Top of Entries supplied
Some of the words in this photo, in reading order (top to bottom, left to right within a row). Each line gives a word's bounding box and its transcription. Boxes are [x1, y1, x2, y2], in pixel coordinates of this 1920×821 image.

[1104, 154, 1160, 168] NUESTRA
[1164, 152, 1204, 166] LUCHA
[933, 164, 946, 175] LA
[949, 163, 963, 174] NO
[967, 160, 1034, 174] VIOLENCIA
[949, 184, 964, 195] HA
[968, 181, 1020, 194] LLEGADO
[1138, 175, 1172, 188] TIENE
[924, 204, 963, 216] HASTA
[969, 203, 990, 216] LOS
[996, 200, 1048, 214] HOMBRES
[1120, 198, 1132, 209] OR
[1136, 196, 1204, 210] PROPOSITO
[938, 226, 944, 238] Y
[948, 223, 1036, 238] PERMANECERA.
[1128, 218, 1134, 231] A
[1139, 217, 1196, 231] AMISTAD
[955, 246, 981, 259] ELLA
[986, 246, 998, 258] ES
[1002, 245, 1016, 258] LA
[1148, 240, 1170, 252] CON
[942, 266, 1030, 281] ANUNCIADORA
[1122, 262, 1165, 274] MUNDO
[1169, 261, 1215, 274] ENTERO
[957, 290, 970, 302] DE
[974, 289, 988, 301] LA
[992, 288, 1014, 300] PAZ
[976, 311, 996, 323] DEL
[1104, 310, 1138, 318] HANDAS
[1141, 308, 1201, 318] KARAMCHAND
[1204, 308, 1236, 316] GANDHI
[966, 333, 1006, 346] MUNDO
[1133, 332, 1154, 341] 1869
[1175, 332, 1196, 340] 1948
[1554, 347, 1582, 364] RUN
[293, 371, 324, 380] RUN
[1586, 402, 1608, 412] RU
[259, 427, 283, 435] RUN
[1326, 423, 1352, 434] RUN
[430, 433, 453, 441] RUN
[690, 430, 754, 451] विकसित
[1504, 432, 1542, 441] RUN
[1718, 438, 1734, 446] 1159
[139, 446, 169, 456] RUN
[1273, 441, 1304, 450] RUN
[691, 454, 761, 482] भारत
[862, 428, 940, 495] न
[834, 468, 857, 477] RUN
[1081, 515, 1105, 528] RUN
Bottom of Entries supplied
Directions> Transcribe all the data word for word, as it appears above.

Task answer>
Some of the words in this photo, in reading order (top to bottom, left to right within a row). Each line gives a word's bounding box and its transcription. Boxes are [x1, y1, x2, y2], in pixel coordinates of this 1920×821 image.

[1104, 154, 1160, 168] NUESTRA
[1164, 152, 1204, 166] LUCHA
[933, 164, 946, 175] LA
[949, 163, 963, 174] NO
[967, 160, 1034, 174] VIOLENCIA
[949, 184, 964, 195] HA
[968, 181, 1020, 194] LLEGADO
[1138, 175, 1172, 188] TIENE
[924, 204, 963, 216] HASTA
[969, 203, 990, 216] LOS
[996, 200, 1048, 214] HOMBRES
[1120, 198, 1132, 209] OR
[1136, 196, 1204, 210] PROPOSITO
[938, 226, 944, 238] Y
[948, 223, 1036, 238] PERMANECERA.
[1128, 218, 1134, 231] A
[1139, 217, 1196, 231] AMISTAD
[955, 246, 981, 259] ELLA
[986, 246, 998, 258] ES
[1002, 245, 1016, 258] LA
[1148, 240, 1170, 252] CON
[942, 266, 1030, 281] ANUNCIADORA
[1122, 262, 1165, 274] MUNDO
[1169, 261, 1215, 274] ENTERO
[957, 290, 970, 302] DE
[974, 289, 988, 301] LA
[992, 288, 1014, 300] PAZ
[976, 311, 996, 323] DEL
[1104, 310, 1138, 318] HANDAS
[1141, 308, 1201, 318] KARAMCHAND
[1204, 308, 1236, 316] GANDHI
[966, 333, 1006, 346] MUNDO
[1133, 332, 1154, 341] 1869
[1175, 332, 1196, 340] 1948
[1554, 347, 1582, 364] RUN
[293, 371, 324, 380] RUN
[1586, 402, 1608, 412] RU
[259, 427, 283, 435] RUN
[1326, 423, 1352, 434] RUN
[430, 433, 453, 441] RUN
[690, 430, 754, 451] विकसित
[1504, 432, 1542, 441] RUN
[1718, 438, 1734, 446] 1159
[139, 446, 169, 456] RUN
[1273, 441, 1304, 450] RUN
[691, 454, 761, 482] भारत
[862, 428, 940, 495] न
[834, 468, 857, 477] RUN
[1081, 515, 1105, 528] RUN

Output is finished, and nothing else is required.